Молодые тоже рвутся беседовать, тут вам и симпатичный, еще без окладистой бороды Сережа Кравец появился, интервью брал о русской философии – стал нашим другом. Чудо случилось – нашли в Ленинке статью молодого Лосева, в Цюрихе в 1919 году напечатанную, «Русская философия» – по-немецки. Автор о ней забыл, не знал ничего, а немцы раскопали, М. Хагемейстер пропечатал в мюнхенской «Диалектике художественной формы» (см. об этом выше). Случилось же, что как раз из спецхрана сборник со статьей перевели в научный зал. Вставала заря перестройки… Так всплыли молодые философские пристрастия Лосева, а Сережа Кравец оповестил об этом всех читающих журнал «Век XX и мир» (1988, № 2–3), издаваемый на разных европейских языках. Неуемный Сережа спешно печатает в «Литературной учебе» серию глав из новой книги Алексея Федоровича «Проблема художественного стиля», которая полностью выйдет только в 1994 году в Киеве. Юрий Ростовцев каждую неделю у нас, беседует с Алексеем Федоровичем о его детстве, юности, записывает старательно на пленку, хочет сочинять книжку о Лосеве- гимназисте, тоже торопится запомнить лосевские рассказы, пока есть время. Много будет печатать Юрий Алексеевич из воспоминаний своего собеседника в разных альманахах, в «Студенческом меридиане», соберет из статей Алексея Федоровича в своем журнале целую книжку «Дерзание духа» (1988). А название это не случайно. Вместе с Натальей Мишиной в «Правде» напечатал он интервью с профессором Лосевым под названием «Дерзание духа» – это 1985 год, заря перестройки. Приходит к Алексею Федоровичу Наташа, спрашивает, как и многие, что такое Бог, – это сотрудница «Правды». Чудеса! Умер Лосев, умерла в муках мать Наташи. И пошла она в храм, в Троице-Сергиеву лавру, ходит в платочке, работает в издательстве патриархии, хочет в монастырь. А теперь уже монахиня Павла.

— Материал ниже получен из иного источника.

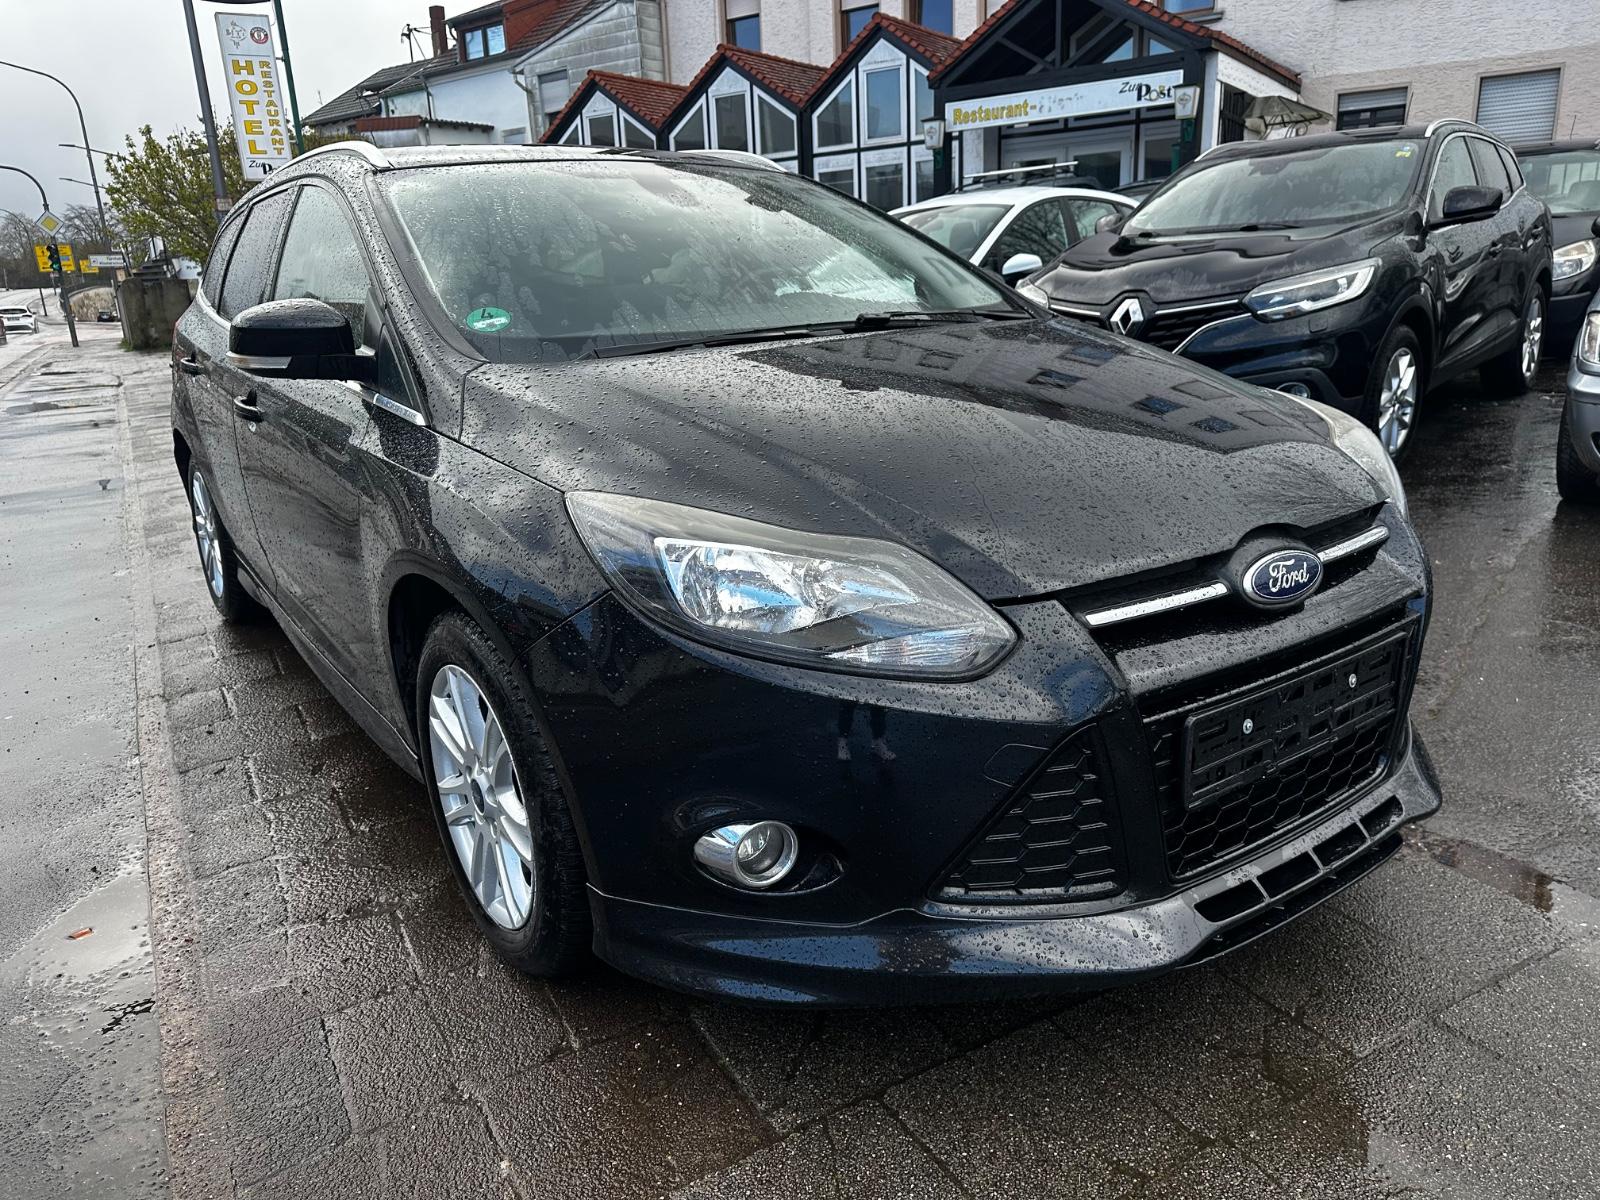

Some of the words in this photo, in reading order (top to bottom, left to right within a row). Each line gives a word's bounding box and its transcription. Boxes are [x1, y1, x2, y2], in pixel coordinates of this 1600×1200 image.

Тут и Павел Флоренский подоспел с Юрием Ростовцевым, беседует с Алексеем Федоровичем, спрашивает о своем замученном деде целых два вечера и письма лосевские к деду принес, на что Алексей Федорович внимания особого не обратил, слишком далеко от него прошлое, поговорить о нем еще можно, но жить – уже нельзя, поздно, слишком поздно. Бездна истории зовет к себе, недалек уход. Не увидел Лосев ни своей беседы с Павлом и Юрием, ни напечатанных писем, ни книжки, выпущенной в 1990 году Виктором Ерофеевым «Страсть к диалектике» (это уже я старалась, составляла ее).
«Машинка» у Ерофеева сломалась в самой середине беседы, поняла, что Лосев не любит этой подозрительной техники. Замолчала. Бедный Ерофеев схватился за примитивный карандаш, едва успевал записывать в этот раз. Беседу потом напечатали на разных языках за рубежом, и ко мне в университет являлись ее читатели-иностранцы, оставляли адреса, просили Лосева прислать что-либо, напечатать у них. Но Лосеву было не до этого. Он еще умудрился выступить с докладом о Боэции (работал над VIII томом ИАЭ) в университете при огромном стечении народа, и нашлись теперь даже среди историков его почитательницы (вот уж никогда бы не поверил), М. К. Трофимова, В. И. Уколова. Они не боялись обсуждать с Лосевым ни Боэция, ни гностиков.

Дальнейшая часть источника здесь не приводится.